Pay securely with an Android smartphone, completely without Google services: This is the plan being developed by the newly founded industry consortium led by the German Volla Systeme GmbH. It is an open-source alternative to Google Play Integrity. This proprietary interface decides on Android smartphones with Google Play services whether banking, government, or wallet apps are allowed to run on a smartphone.
I’ve never encountered what you’re describing. There’s always other ways to authenticate than through a mobile app, at least from my experience, and I think I’ve used about a dozen different banks/credit unions over the past 15 or so years. Last credit union I cut ties with had ZERO MFA for their web portal, except on account creation. Like, no SMS, no email, nothing - just user+pass, and making sure you have the right background picture of the login screen you picked on account generation (like, a duck or a football or whatever). Completely ridiculous in 2025 (when I cancelled my account).
Regarding the OP, I think any new competition in this space right now is good, even if it ends up just being a triopoly vs a duopoly (fat chance with this thing but we can hope).
Ideally though we need an open protocol/standard that can be implemented through any manner of device software.
No offense but it sounds like you’re from the US, where banking is 20 years behind in comparison to Europe.
The other commenter is right, some banks are mandating 2FA using your phone even to log into web banking, so phone authentication is still required.

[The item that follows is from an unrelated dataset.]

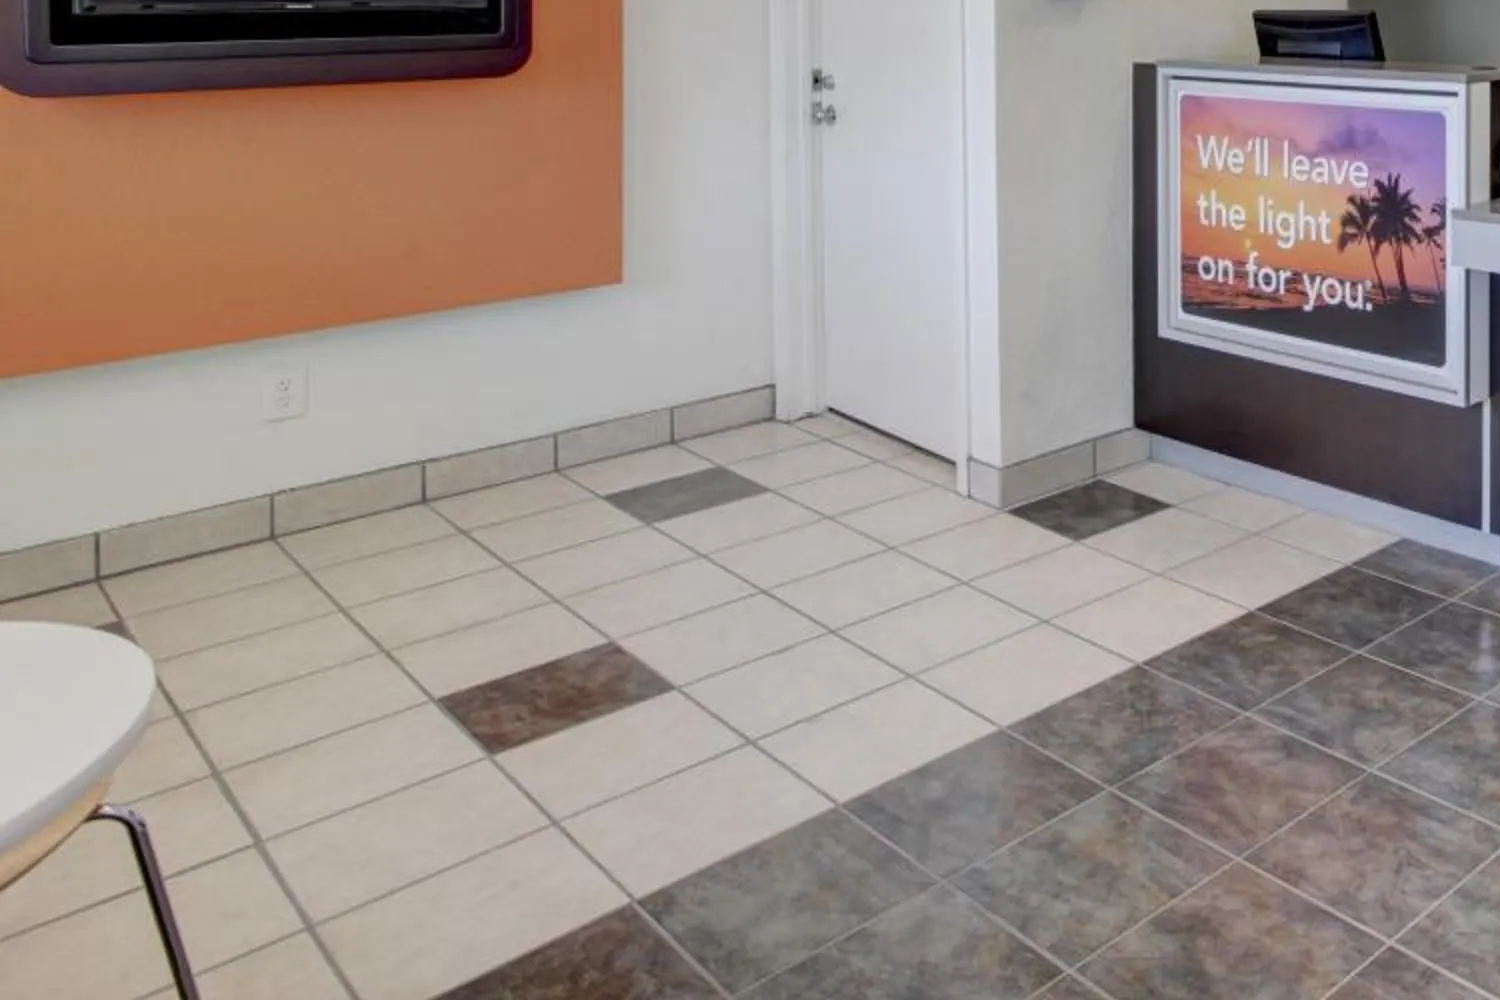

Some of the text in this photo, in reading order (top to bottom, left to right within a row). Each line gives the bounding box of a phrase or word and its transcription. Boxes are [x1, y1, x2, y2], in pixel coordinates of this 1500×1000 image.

Also some EU countries have pretty much become cashless although it’s obviously still legal tender. Even some tiny village in the middle of Denmark has card readers.
If this shit is what “ahead” looks like, I’m happy being “behind.”
This “shit” is being pushed by the US, and we Europeans are the ones pushing back on it. Just sayin.
Some countries are all-in on the digital transition and for a lot of things shops don’t even accept cash anymore. Digital QR code transfers are preferred. Be thankful that the banks that you deal with haven’t gone down this path.
2 factor TOTP exists and is secure enough for corporates to have adopted long time ago. Banks can adopt similar authentication methods but choose not to.
On the OP, not sure what the solution could be. However, going down this path seems flawed.